Mitochondrial activity-driven hematopoietic stem cell fate and lympho-myeloid lineage choice is first established in the aorta-gonad-mesonephros

Mitochondrial metabolism determines bone marrow hematopoietic stem cell (HSC) heterogeneity and influences long-term repopulation potential. However, the origin of this heterogeneity and how it regulates HSC phenotype is unclear. We show that during the endothelial-to-hematopoietic transition (EHT) in the mouse embryo, dynamic changes in mitochondrial activity drive the production of mature HSCs with differing potencies.
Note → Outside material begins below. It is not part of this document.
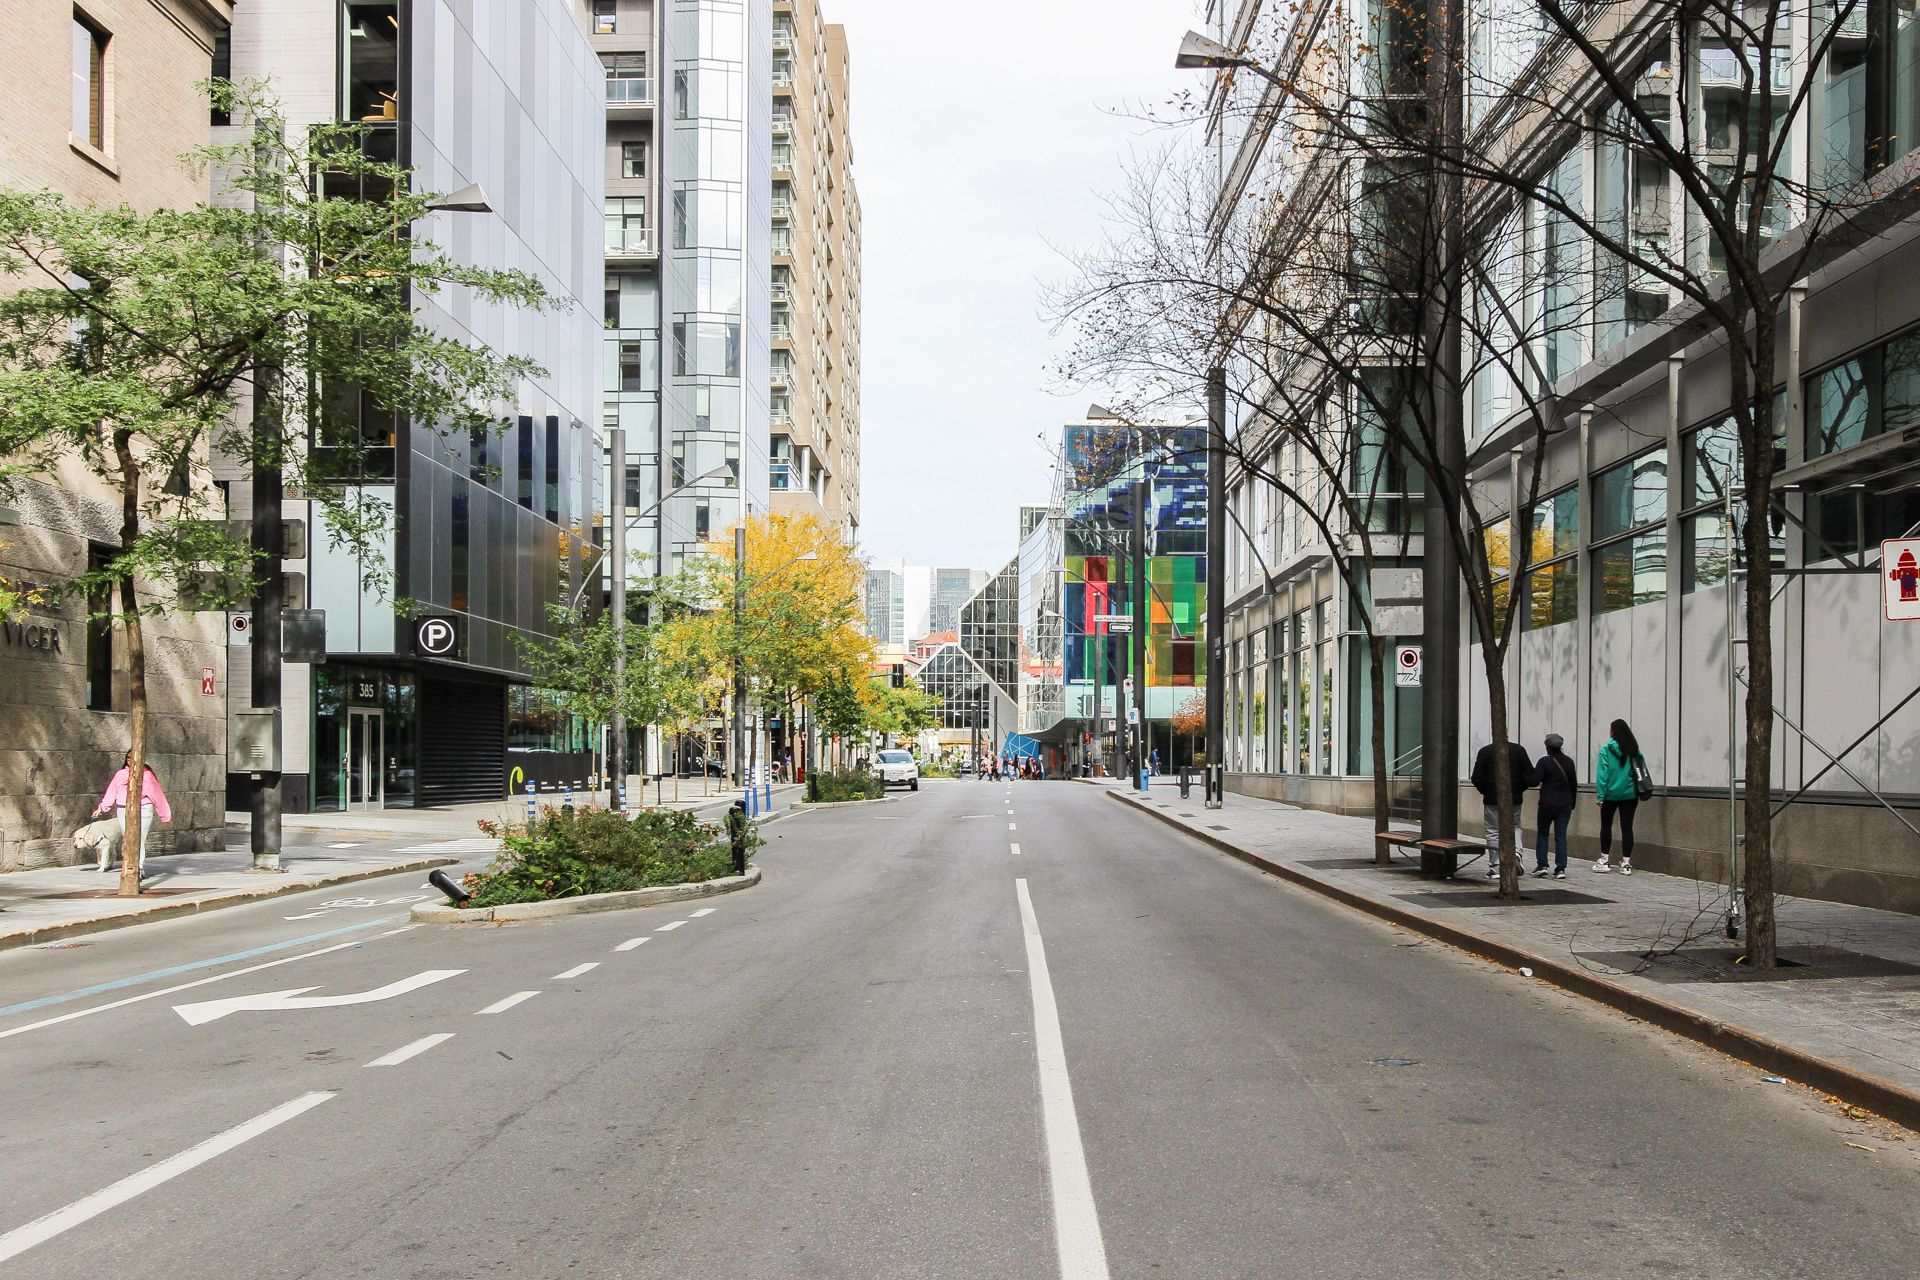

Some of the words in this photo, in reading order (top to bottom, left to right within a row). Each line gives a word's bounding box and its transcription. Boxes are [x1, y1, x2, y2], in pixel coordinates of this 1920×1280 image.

[4, 620, 62, 655] VIGER
[428, 624, 446, 648] P
[359, 683, 374, 698] 385
Lowering mitochondrial activity in the AGM by pharmacological or genetic means activates Wnt signaling to promote HSC expansion. Further, mitochondrial membrane potential (MMP) gives rise to functional heterogeneity in the definitive HSC pool. In-vitro and in-vivo functional assays, and single-cell transcriptomics on AGM HSCs showed that MMP ^low HSCs are myeloid-biased, with enhanced differentiation potential, while MMP ^high HSCs are lymphoid-biased with diminished differentiation potential. Mechanistically, low mitochondrial activity upregulates Phosphoinositide 3-kinase (PI3K) signaling to promote HSC differentiation. These insights into the initiation of metabolic heterogeneity could be leveraged to isolate HSCs to efficiently generate desired lineages.